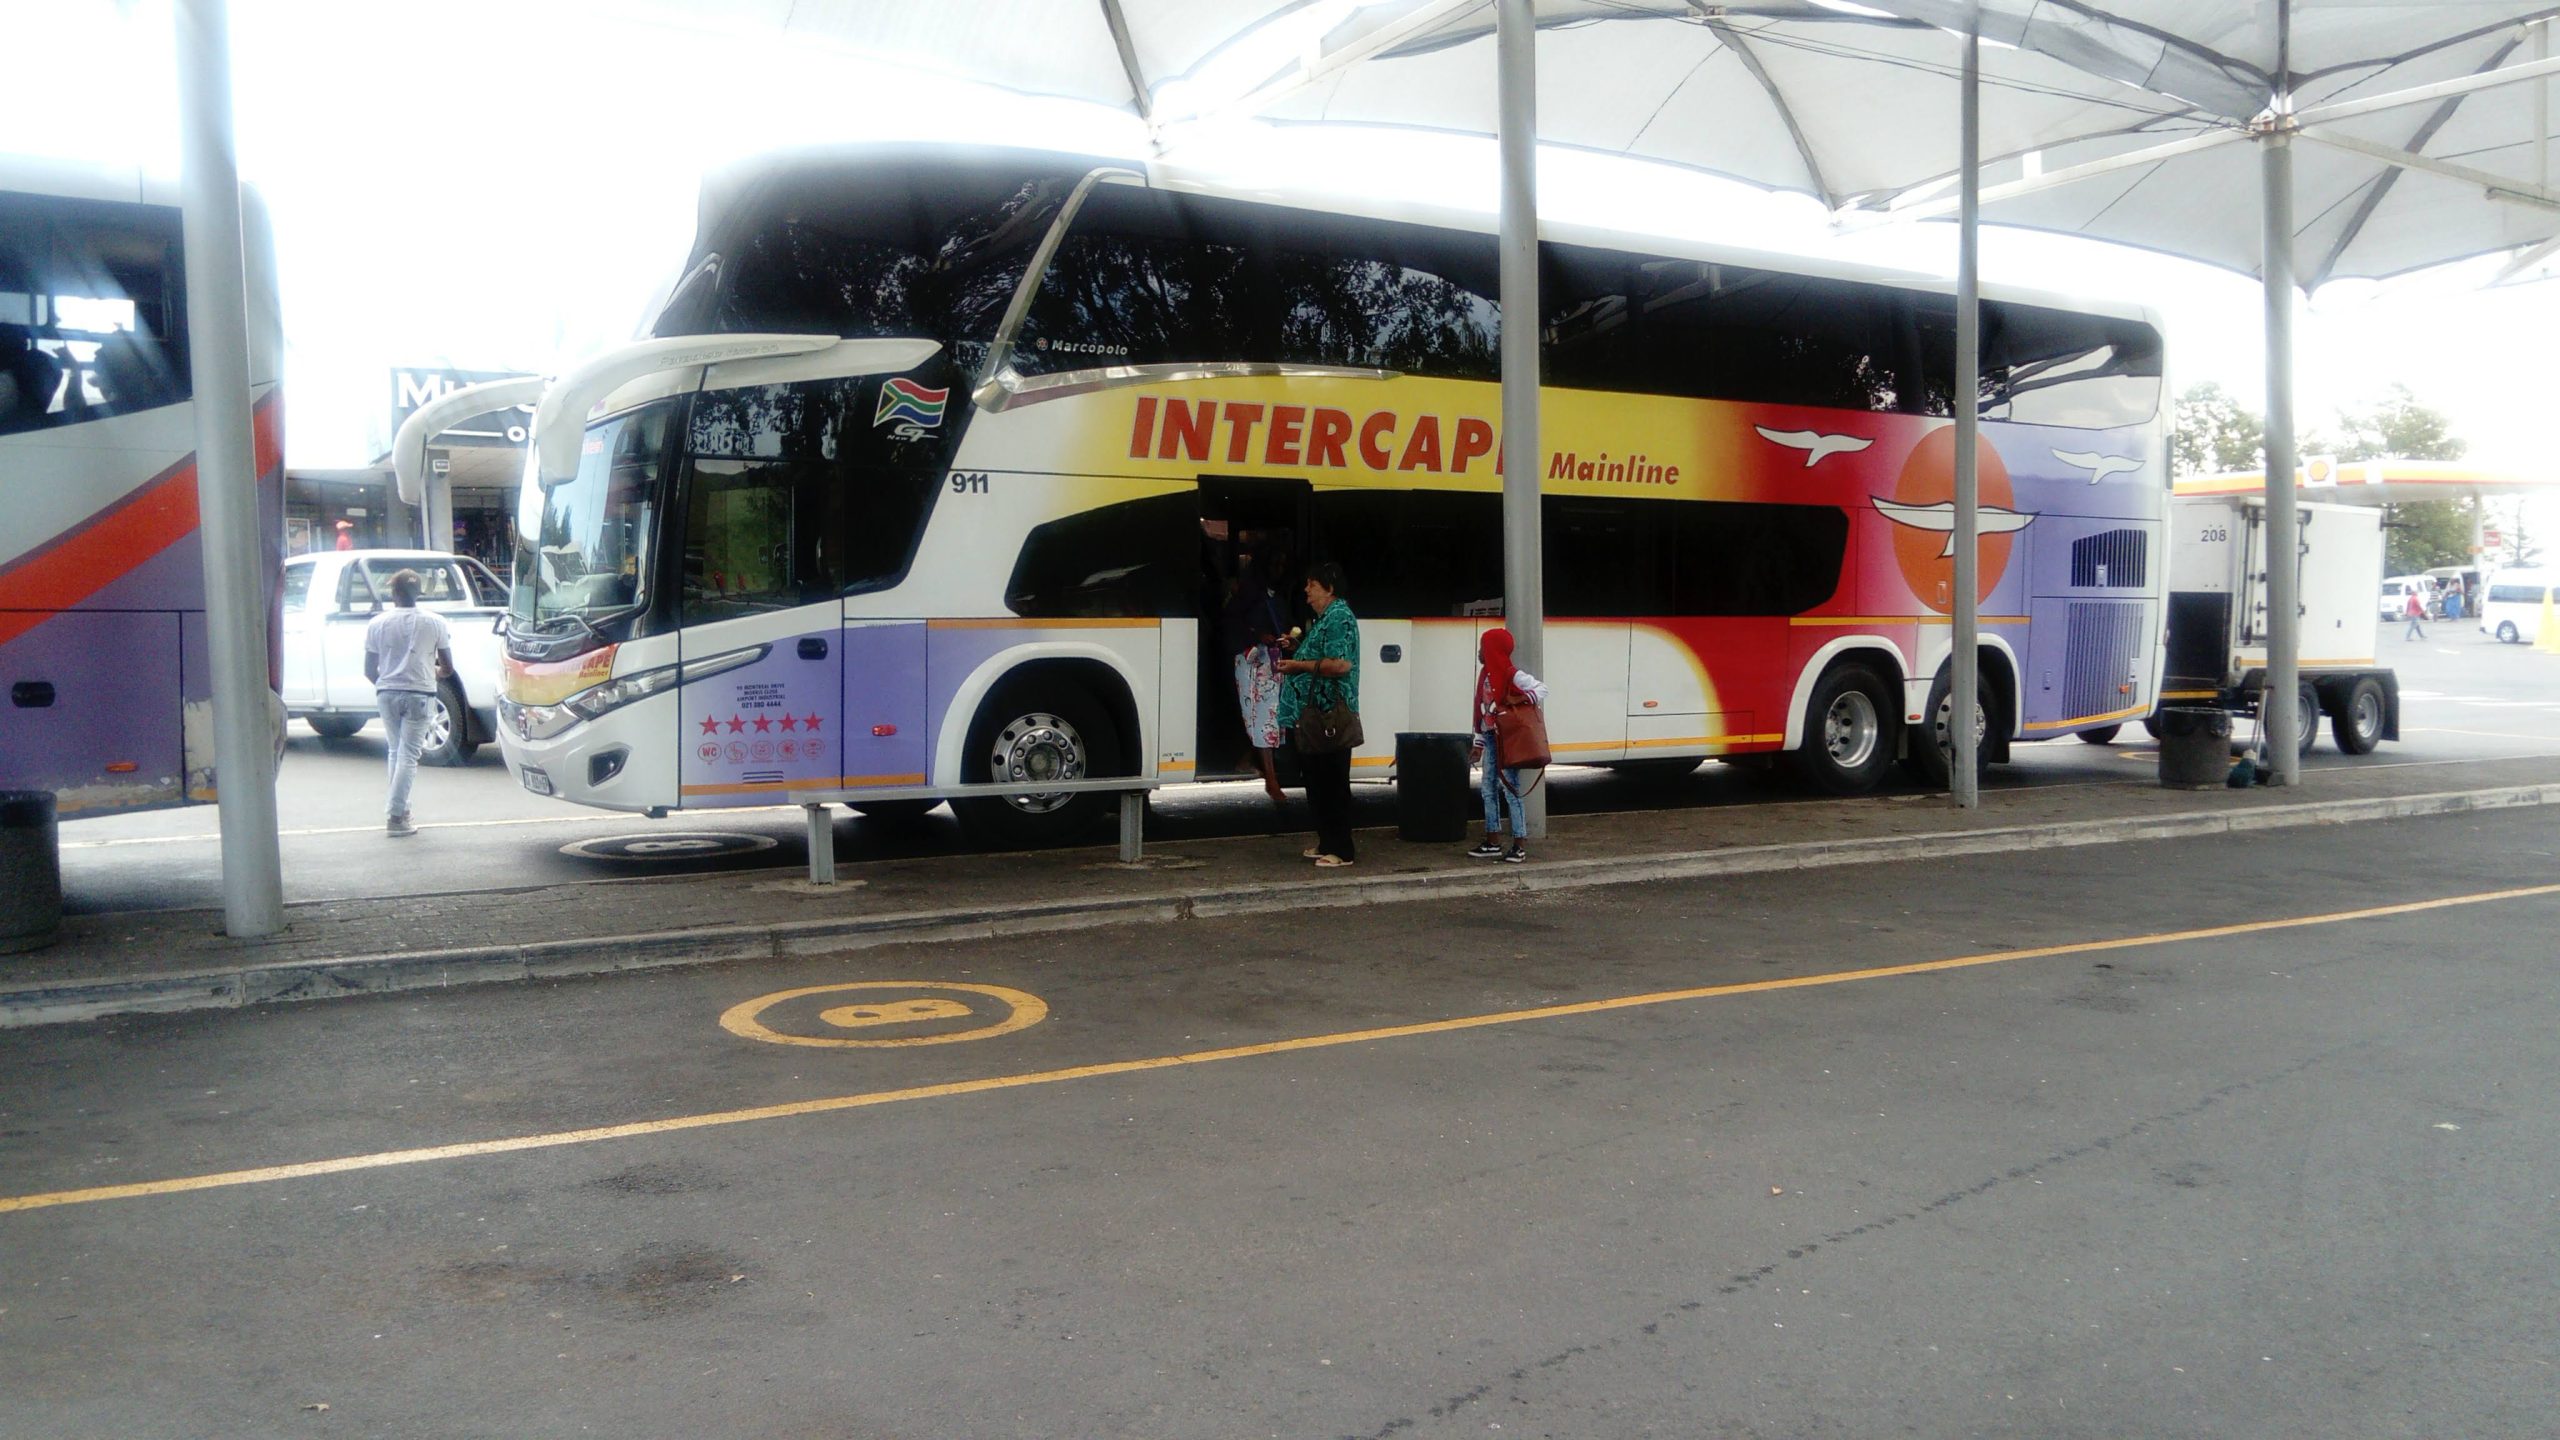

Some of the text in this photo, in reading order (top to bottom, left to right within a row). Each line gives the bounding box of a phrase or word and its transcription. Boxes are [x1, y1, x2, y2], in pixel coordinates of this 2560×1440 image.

[1051, 339, 1128, 356] Marcopolo
[1128, 396, 1680, 486] INTERCAP Mainline
[952, 473, 989, 494] 911
[2200, 529, 2227, 542] 208
[702, 747, 717, 757] WC
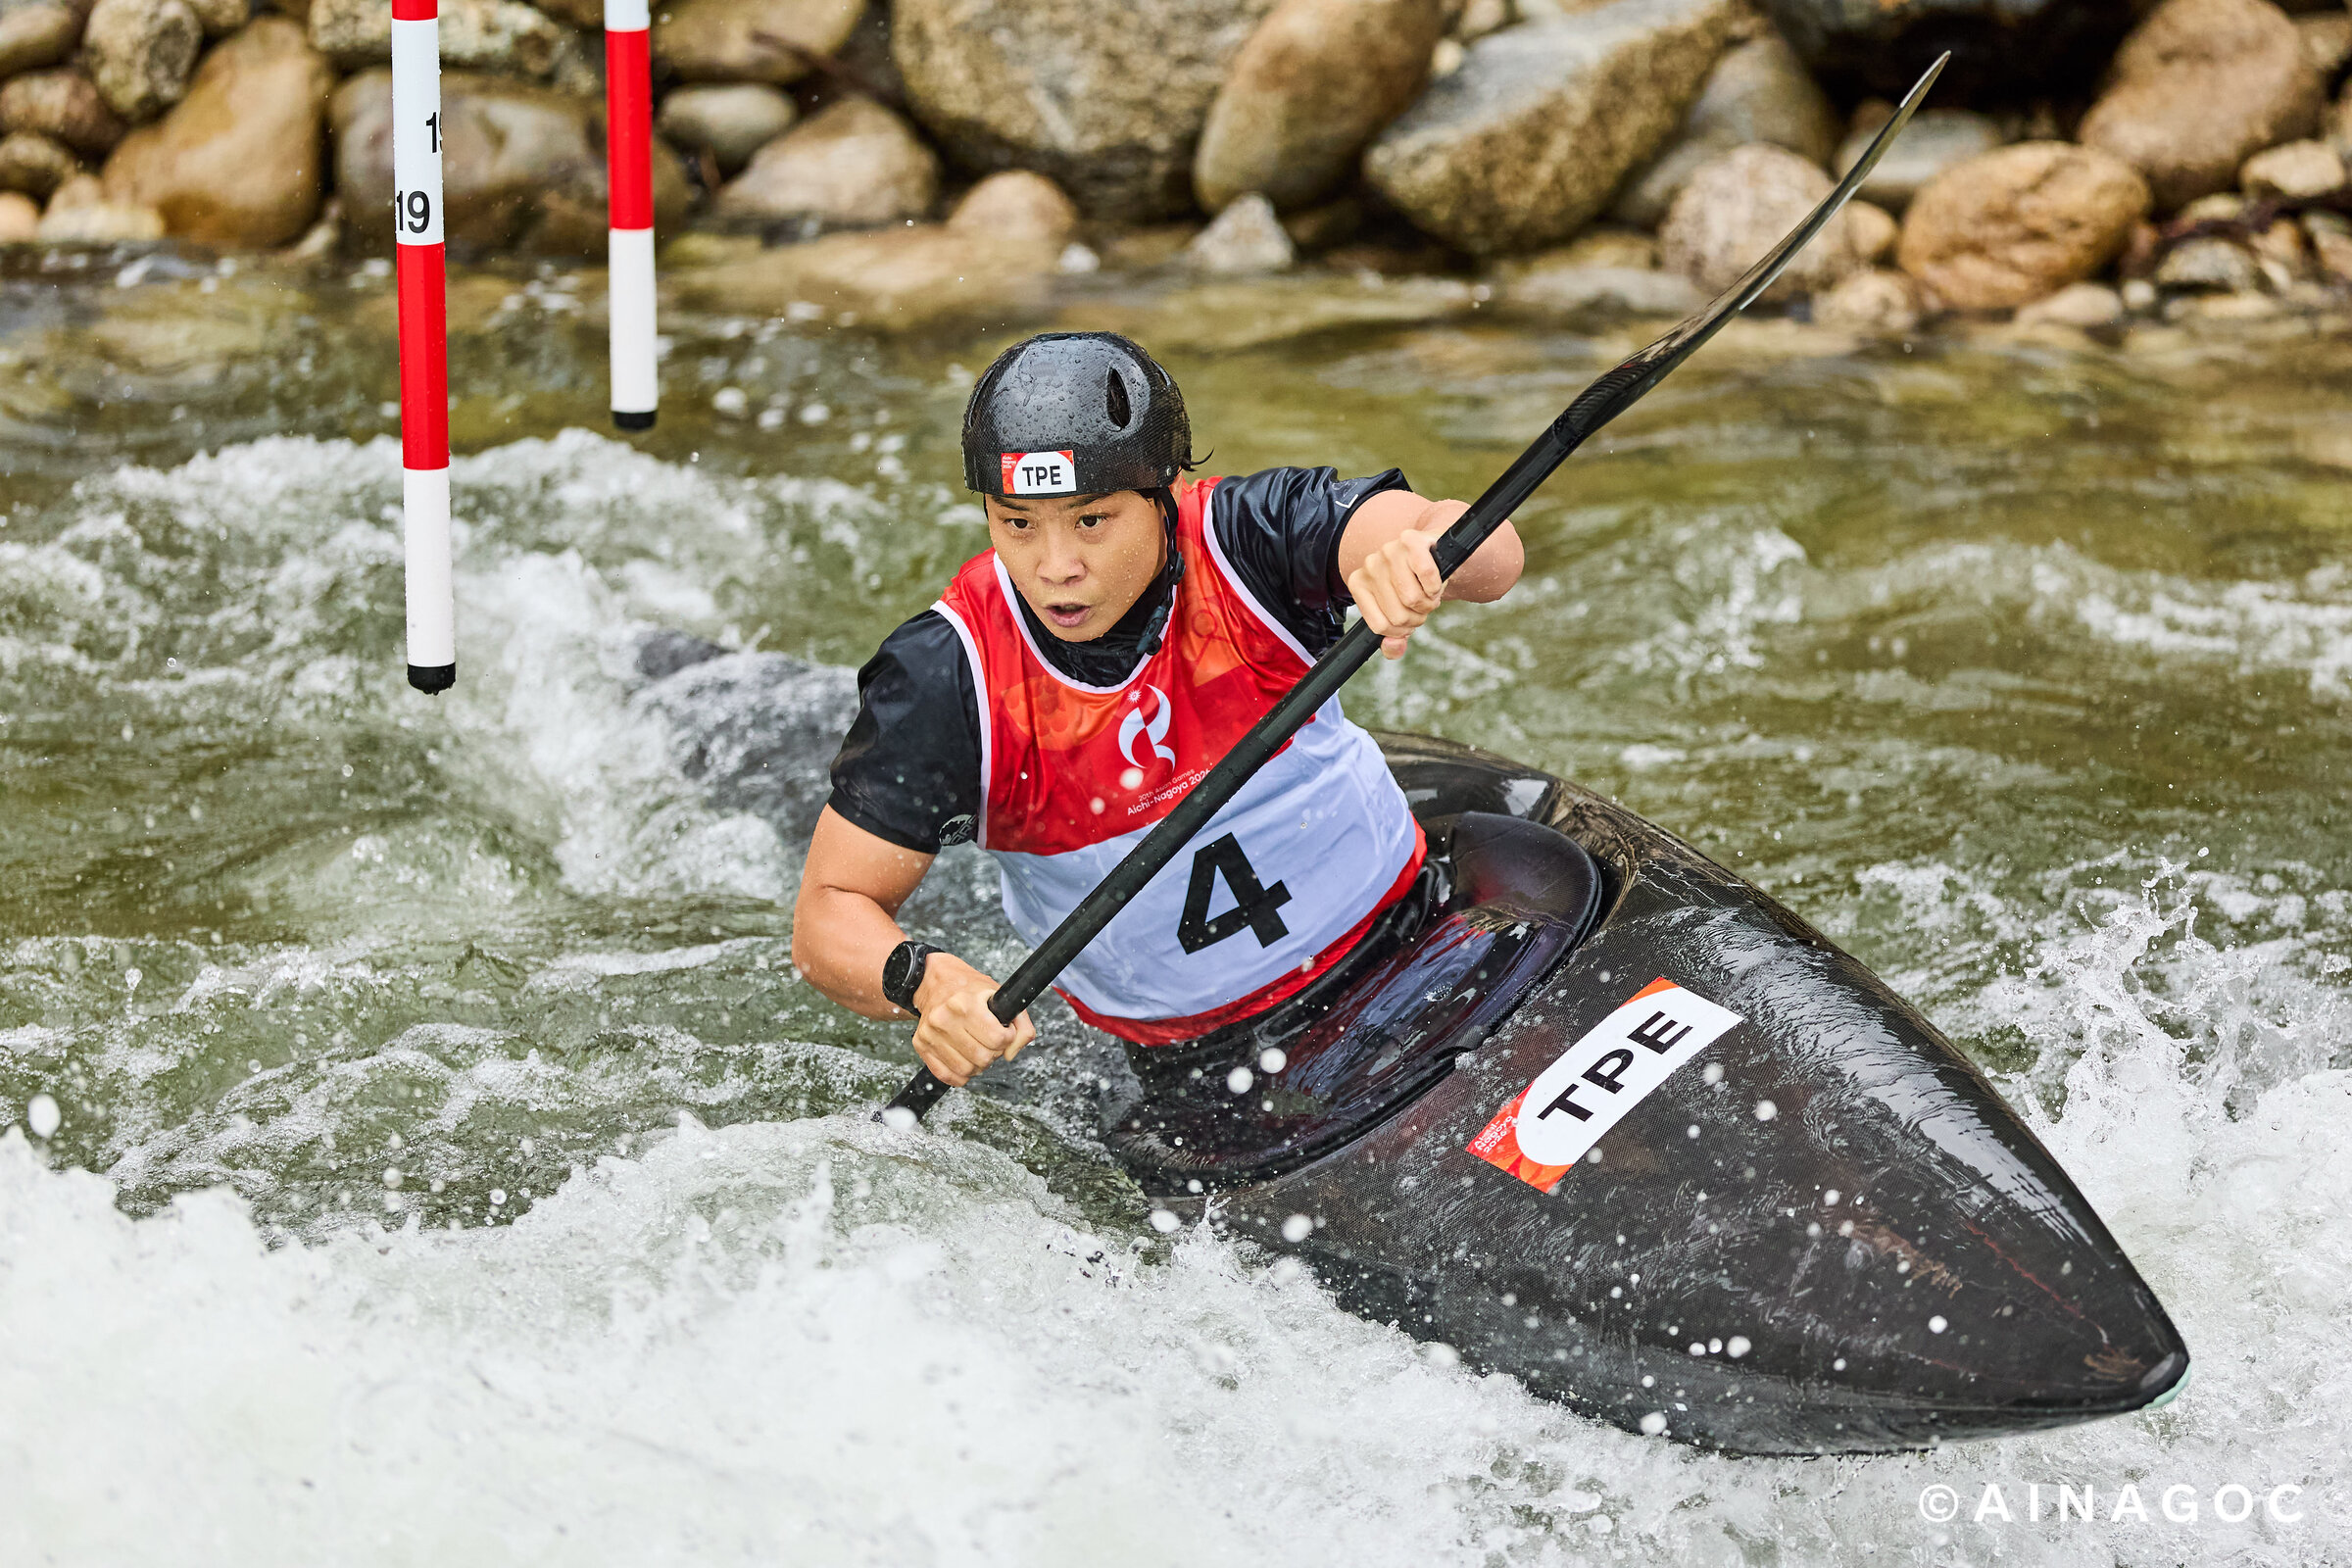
________________
Your job is to copy each entry exactly as written; the pictures do not go in.

--- SOLUTION ---
Some of the text in this photo, in reading order (top to bottom, left to right within a row). Each line gives the bounding box of a phrase or word and its transcription. Boxes are [x1, y1, x2, y2], in pixel coordinates of this 2560×1440 image.

[1051, 339, 1128, 356] Marcopolo
[1128, 396, 1680, 486] INTERCAP Mainline
[952, 473, 989, 494] 911
[2200, 529, 2227, 542] 208
[702, 747, 717, 757] WC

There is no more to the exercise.